La Mèlodie del francese Rachid Ahami (fuori concorso a Venezia 74) fin
dalle prime immagini ci conduce nelle caotiche classi adolescenziali, nelle
quali la multietnicità diventa il coacervo di confusioni e violenze verbali.
In una Parigi periferica e vitale, le vite di ragazzi alle prese con la forzata
incapacità di convivere nel segno della cultura e della conoscenza, che la
scuola tuttavia cerca in ogni maniera di inculcare, per educare ad una
civile ed armoniosa convivenza.
La musica dovrà essere uno degli
elementi socializzanti ed evolutivi. E’ qui che arriva un insegnante, non più
giovanissimo, interpretato da Cadh Merad, di origine magrebina come lo
stesso regista. Con un viso che non da mai segni variabili, l’insegnante,
con una carriera concertistica alle spalle, cerca di inculcare agli irrequieti
ragazzi la passione per il violino. Obiettivo finale: creare una piccola
orchestra da fare esibire in un importante auditorium. L’insegnante avrà
dunque nuovi stimoli proprio con ragazzi talvolta svogliati, tranne uno,
Arnold, che sarà il vero motore di un ingranaggio che porterà al concerto
conclusivo. Talento un po’ grezzo che sarà in grado di contagiare anche i
compagni di classe più intansigenti.
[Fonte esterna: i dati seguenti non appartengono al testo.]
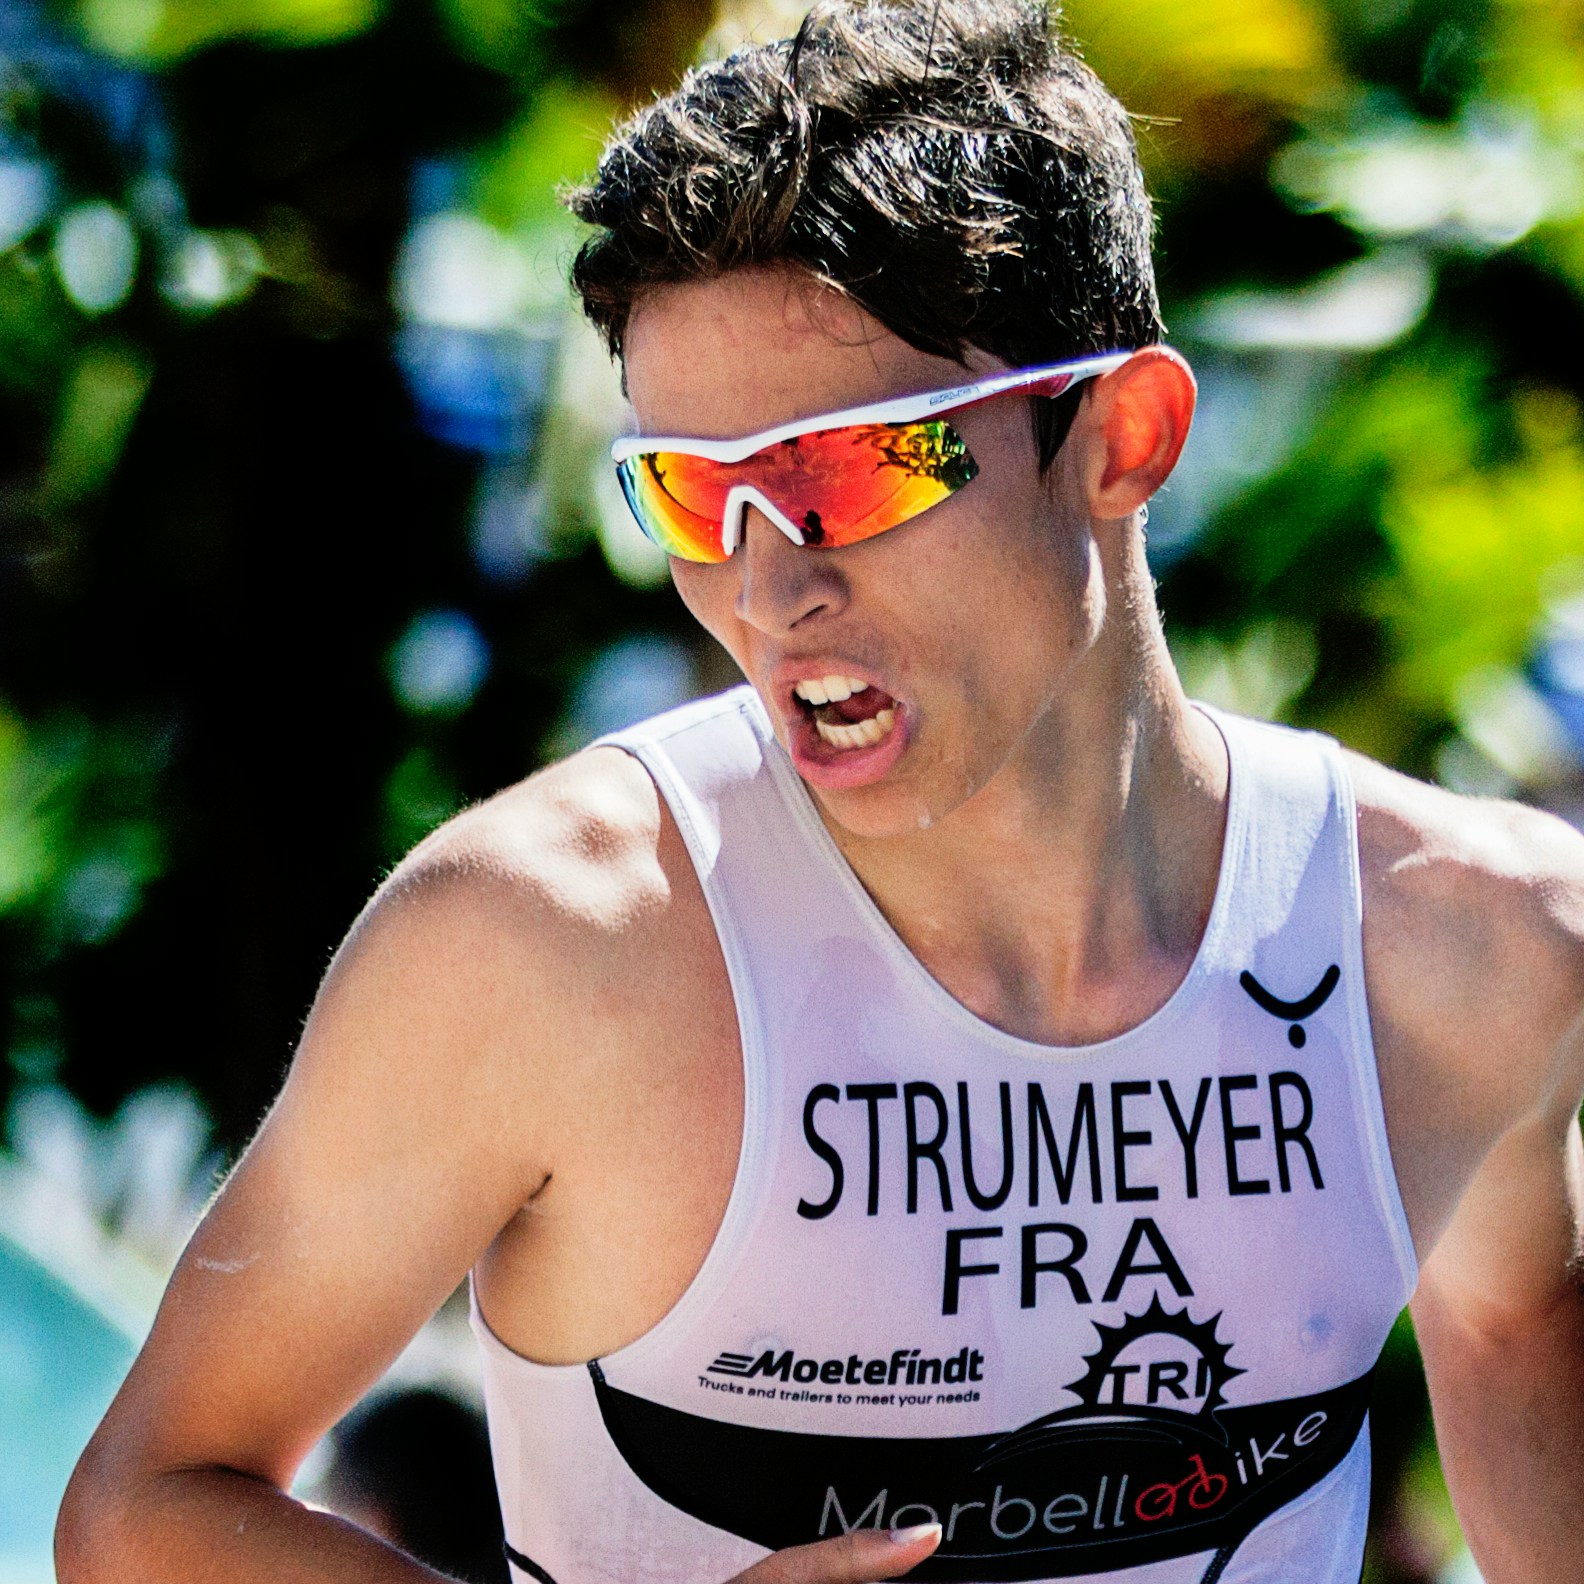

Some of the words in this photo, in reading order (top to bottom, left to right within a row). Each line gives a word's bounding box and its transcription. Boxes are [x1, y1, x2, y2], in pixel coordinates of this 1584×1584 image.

Sarà quindi la musica come gioco di
armonie ad unire famiglie ed etnie le più diverse, nel comune obiettivo di
sviluppare una nuova generazione veramente solidale.
L’espediente drammaturgico è stato ben trattato anche in altri film:
ricordiamo La musica del cuore con una eccellente Meryl Streep (anche
qui il violino, cui è docente), diretto nel 1999 da Wes Craven; ed ancora I
ragazzi del coro , diretto nel 2004 dal francese Christophe Barratier.